Personally, I find both the Norton and McAfee programs to be very heavy users of system resources. An alternative is one of the free programs like Grisoft AVG. In the past, Symantec’s Norton has always seemed to get much better reviews for efficacy against infection than the freebies but a recent review by the magazine PC World indicates that there are several free programs that now provide acceptable levels of protection. Tech Support Alert gives a critique of the various free programs and describes an effective computer defense that uses free programs.

What is a Trojan horse?

The term Trojan horse is applied to malware that masquerades as a legitimate program but is in reality a malicious application. It may simply pretend to be a useful program or it may actually contain a useful function as cover for a destructive one. Screen savers are often used as a carrier. Trojan horses do not replicate themselves as do viruses and worms. However, a Trojan horse can be part of the payload of a worm and can be spread to many machines as part of a worm infestation. Many Trojan horses have been sent out as email attachments.

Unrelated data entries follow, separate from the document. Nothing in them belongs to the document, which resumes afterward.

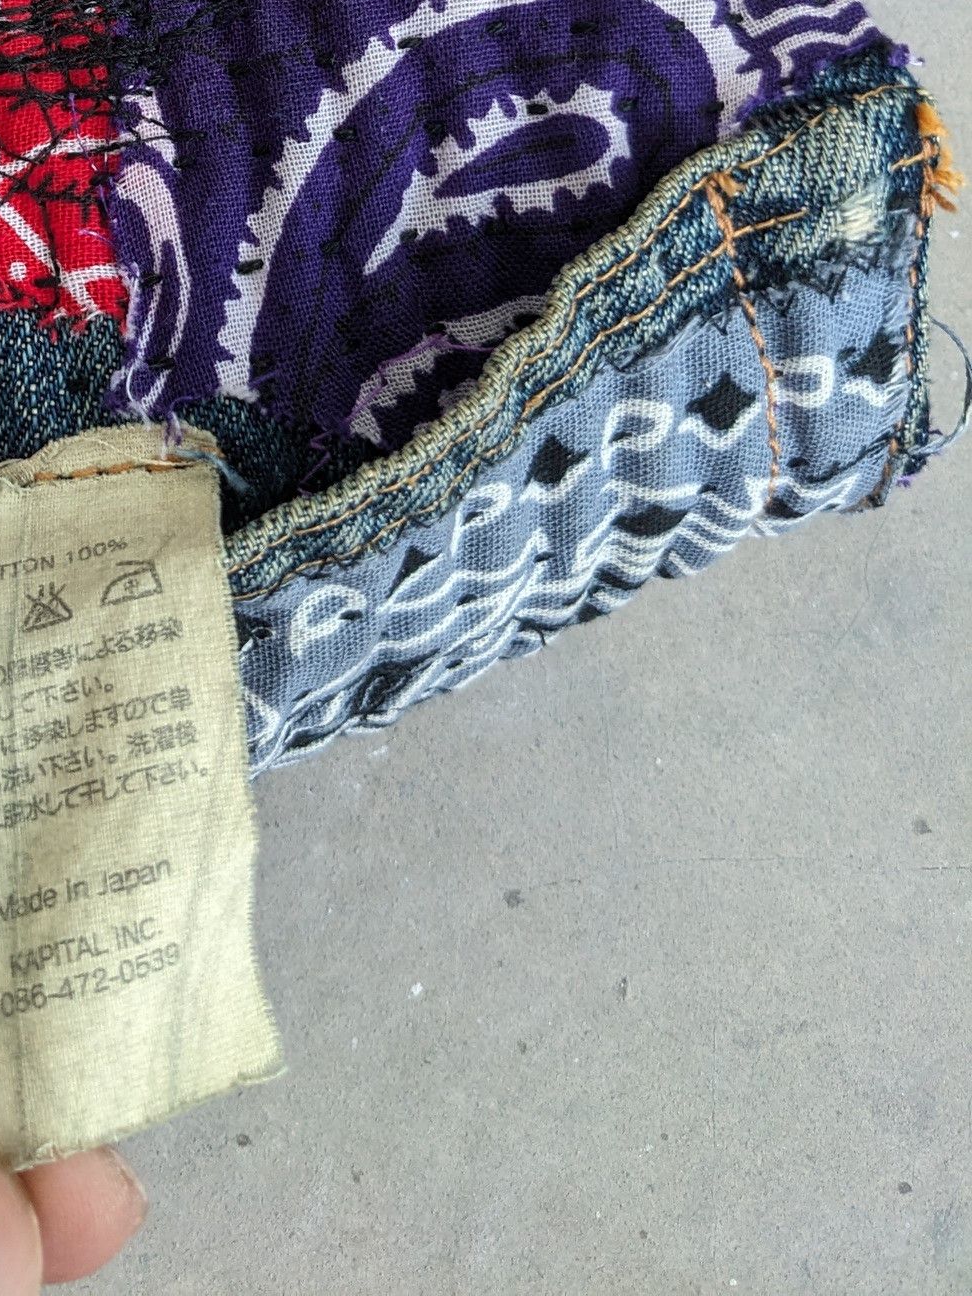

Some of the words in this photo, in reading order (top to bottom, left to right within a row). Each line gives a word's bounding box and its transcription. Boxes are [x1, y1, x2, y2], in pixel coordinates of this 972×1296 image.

[65, 536, 129, 565] 100%
[96, 858, 172, 898] Japan
[9, 934, 109, 979] KAPITAL
[114, 916, 164, 950] INC.
[0, 941, 181, 1018] 086-472-0539
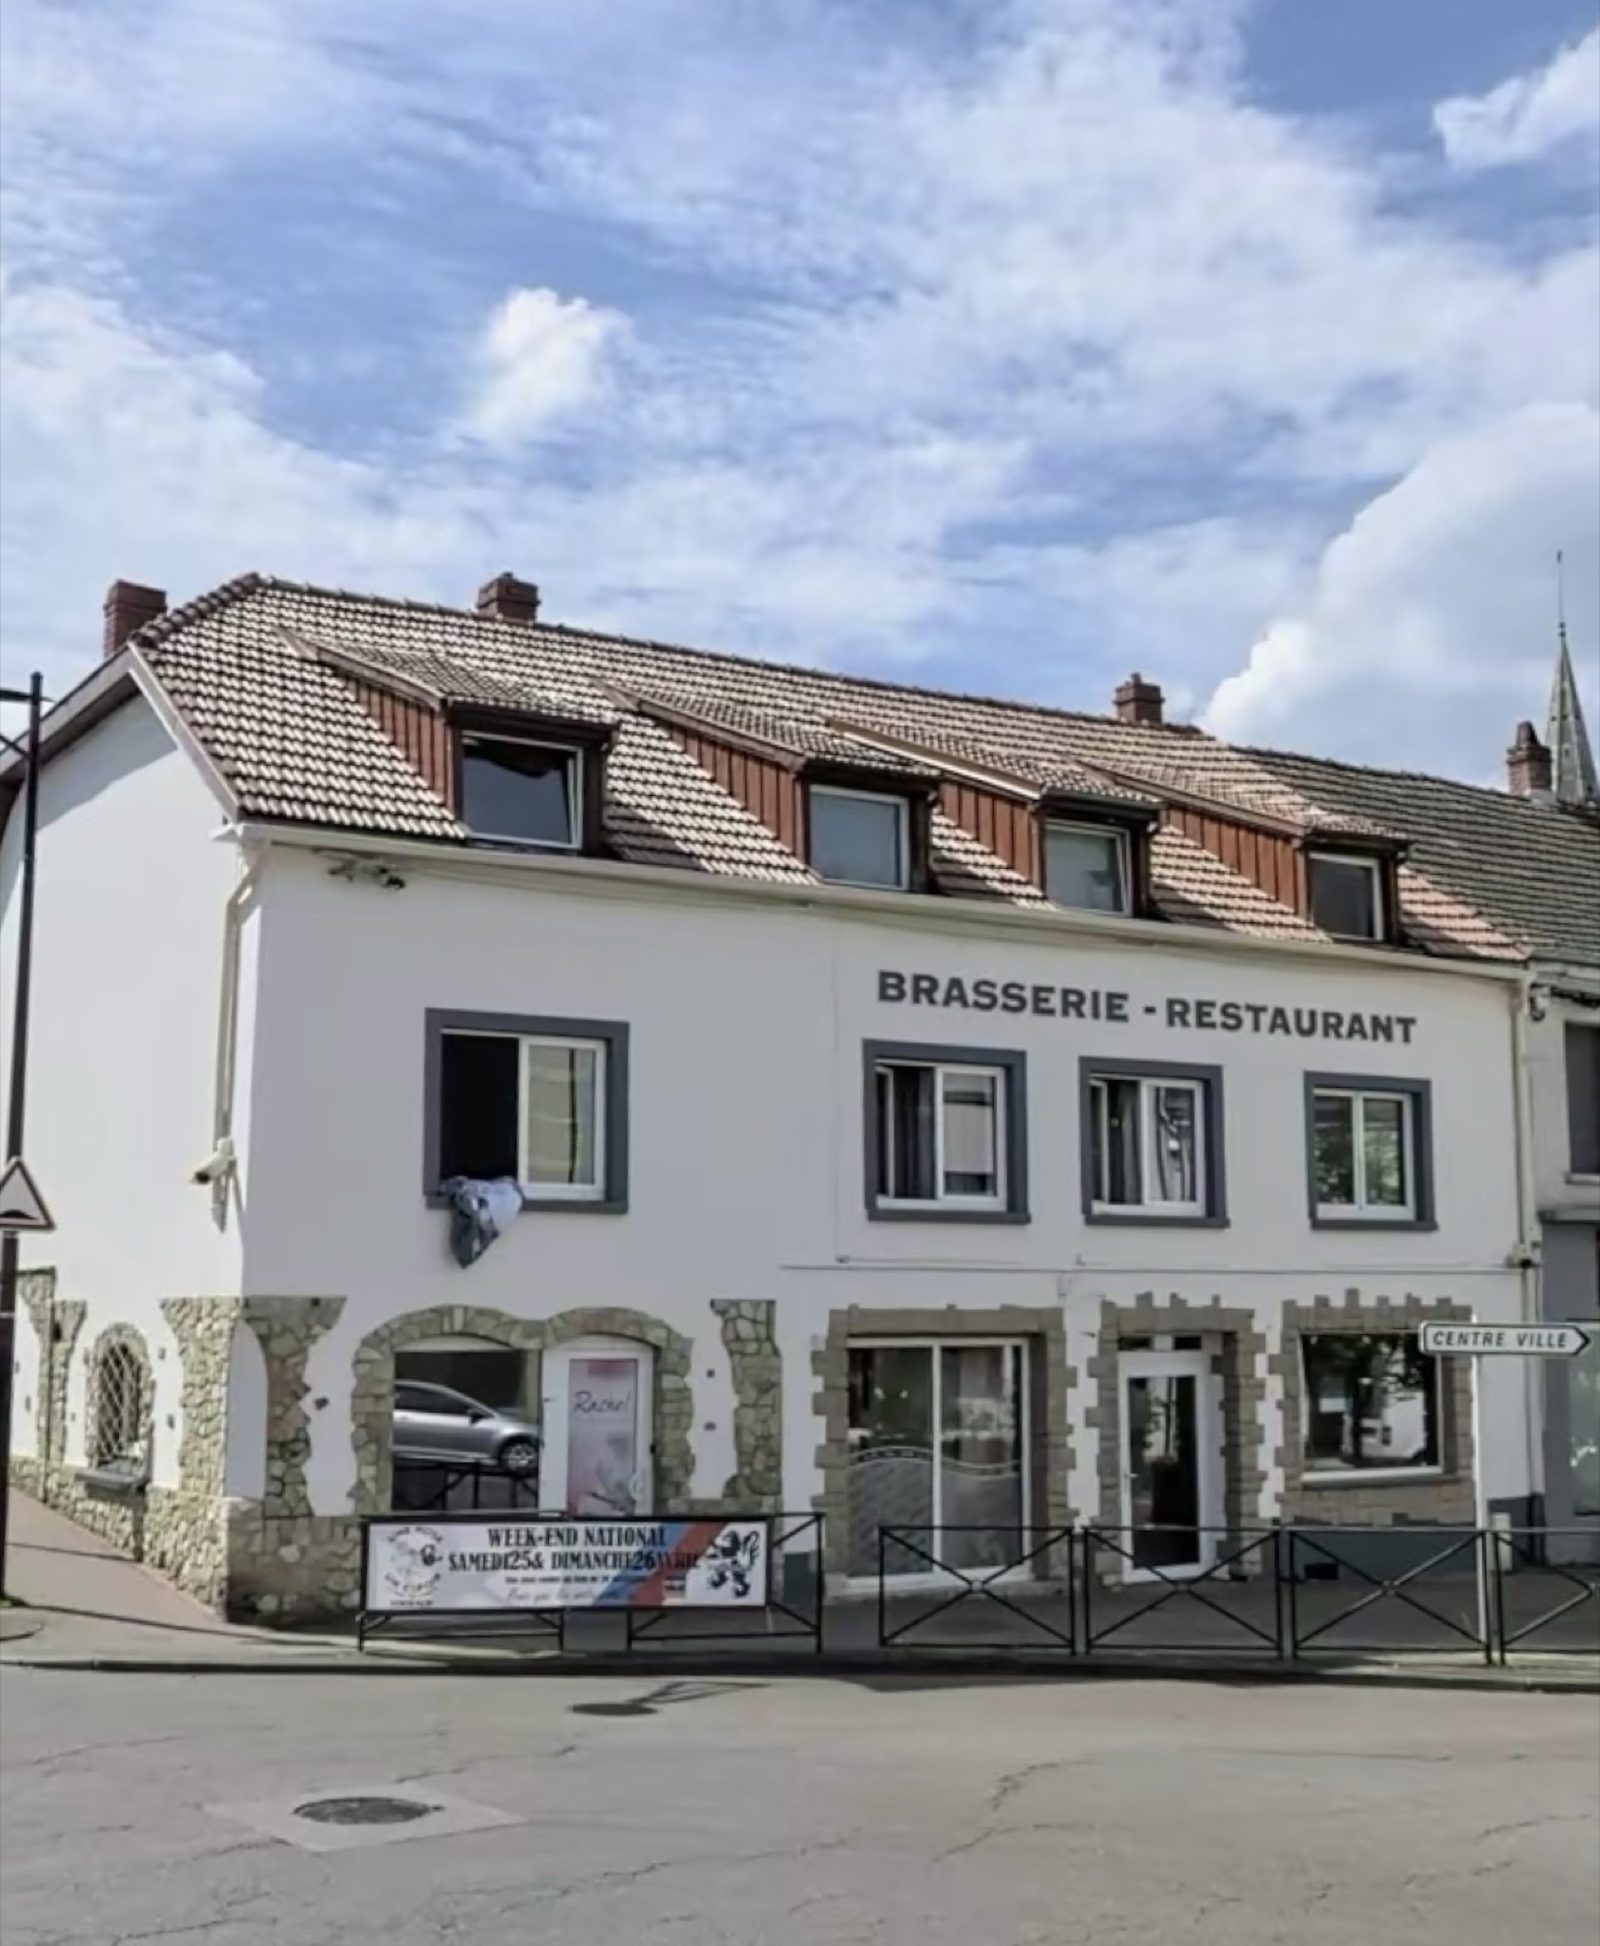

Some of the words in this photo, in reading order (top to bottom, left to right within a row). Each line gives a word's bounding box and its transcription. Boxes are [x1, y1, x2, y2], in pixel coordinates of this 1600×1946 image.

[877, 970, 1129, 1023] BRASSERIE
[1166, 998, 1417, 1044] RESTAURANT
[1433, 1330, 1505, 1346] CENTRE
[1517, 1332, 1567, 1348] VILLE
[488, 1527, 579, 1547] WEEK-END
[584, 1527, 666, 1547] NATIONAL
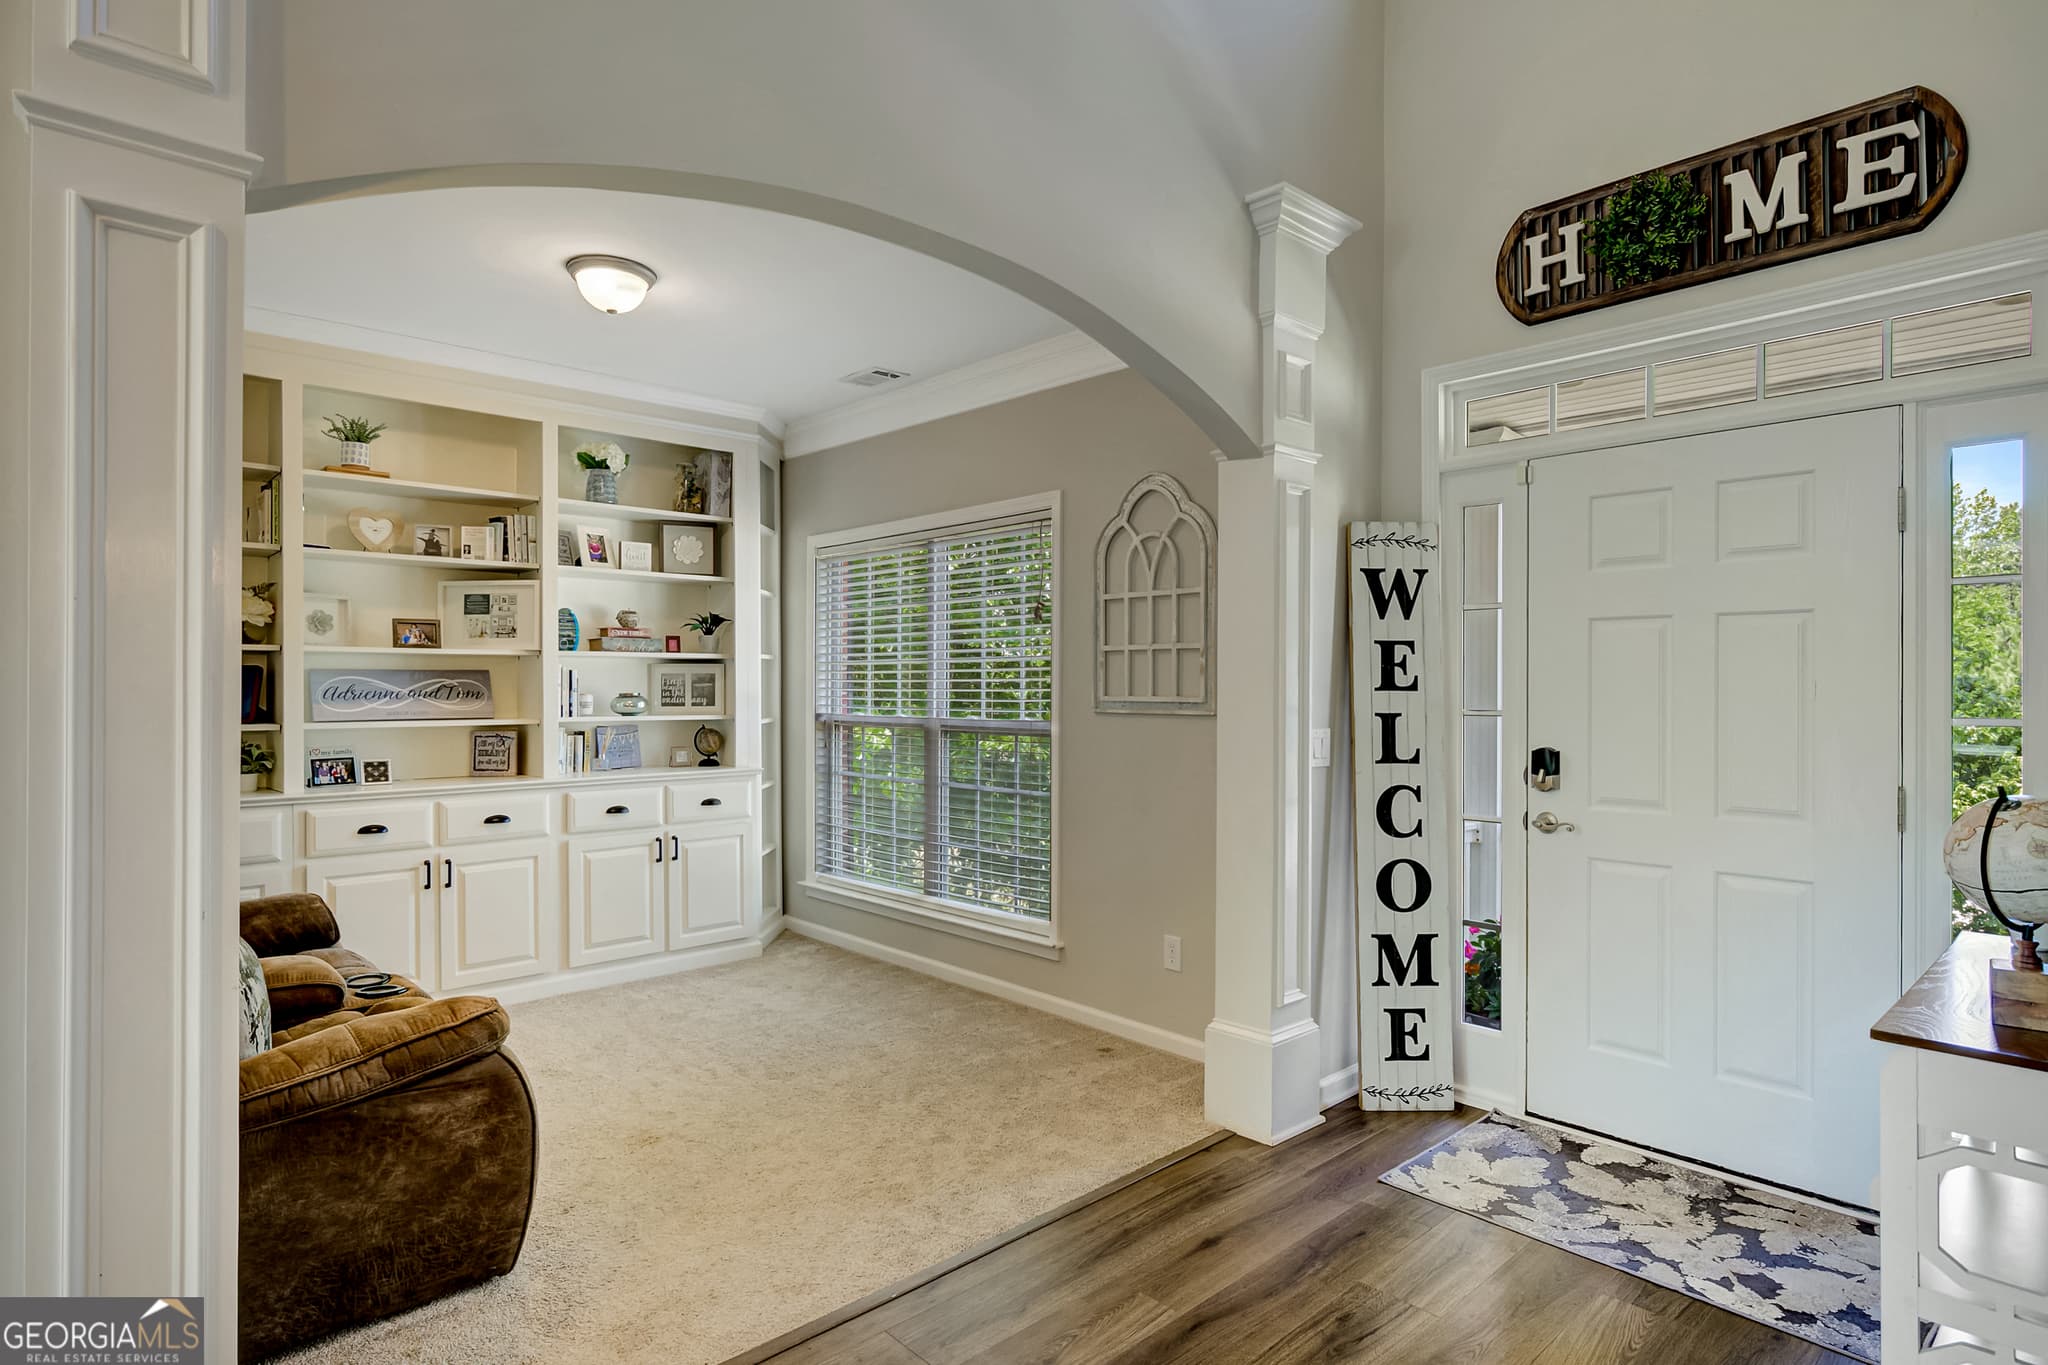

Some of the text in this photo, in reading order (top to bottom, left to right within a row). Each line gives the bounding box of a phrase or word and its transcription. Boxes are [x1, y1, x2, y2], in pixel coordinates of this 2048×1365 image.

[1523, 120, 1921, 298] HME
[322, 682, 484, 701] Adrienne and Tom
[1359, 567, 1440, 1062] WELCOME

One favorite use of Trojan horses is to allow a malicious hacker ( more properly called a “cracker”) to use systems of unsuspecting owners for attacking other machines or as zombies. Another use is for relaying spam or pornography. Yet another use is to steal account passwords and then relay them back to someone for fraudulent use. Trojans can also be destructive and wipe out files or create other damage. Recently, phishing scams have been making use of Trojans.

Sometimes social engineering is used to induce people to click on a link. Here’s one that enticed people to try to download some photos:

Osama Bin Ladin was found hanged by two CNN journalists early Wednesday evening. As evidence they took several photos, some of which I have included here. As yet, this information has not hit the headlines due to Bush wanting confirmation of his identity but the journalists have released some early photos over the internet.

Instead of photos what they got was a Trojan.

Defenses

Many Trojans are recognized by the major anti-virus programs. However, not all Trojans have characteristics that trigger anti-virus programs so additional software is recommended. The spyware programs discussed on the next page should be considered as well as the references in the sidebar.

It is essential in the present conditions to have a firewall. The Internet is a two-way street. Unless your computer is properly protected, it is all too easy for unwanted visitors to gain access to your computer while you are on-line. Once into your system, a cracker can plant a Trojan or worm or do other harm. Good firewall software can make your computer invisible to all except the most determined cracker. Further, most firewalls will warn you if programs on your computer try to connect to the Internet without telling you. That will help to warn you if you get an infection. Note, however, that some Trojans may hide by piggybacking on essential services like your email client.

Unless they had a broadband Internet connection, I used to tell people that they probably did not need a firewall. However, hacking has reached the point where everyone, even those with dial-up connections, needs a firewall. My firewall keeps a log of the attempts that are made to probe my computer and once in a while I check it out of curiosity. The attempts are unceasing and come from all over the world. (I know because I look up some of the IPs.) Even my wife’s dial-up AOL account is probed all the time. Many of these probes are not malicious but I see no reason to take chances on the good will of all these strangers.

The present version of Windows XP has half a firewall built in. Unfortunately, it monitors only incoming traffic and therefore is of no help in warning about programs on your computer that call up Internet sites without telling you. Also, note that that you have to specifically enable it. (Service Pack 2 turns it on by default.). I recommend a more robust program. If you want to, you can go for one of the commercial suites that include a firewall together with a variety of other programs. However, there are several very good free programs. The sidebar contains references.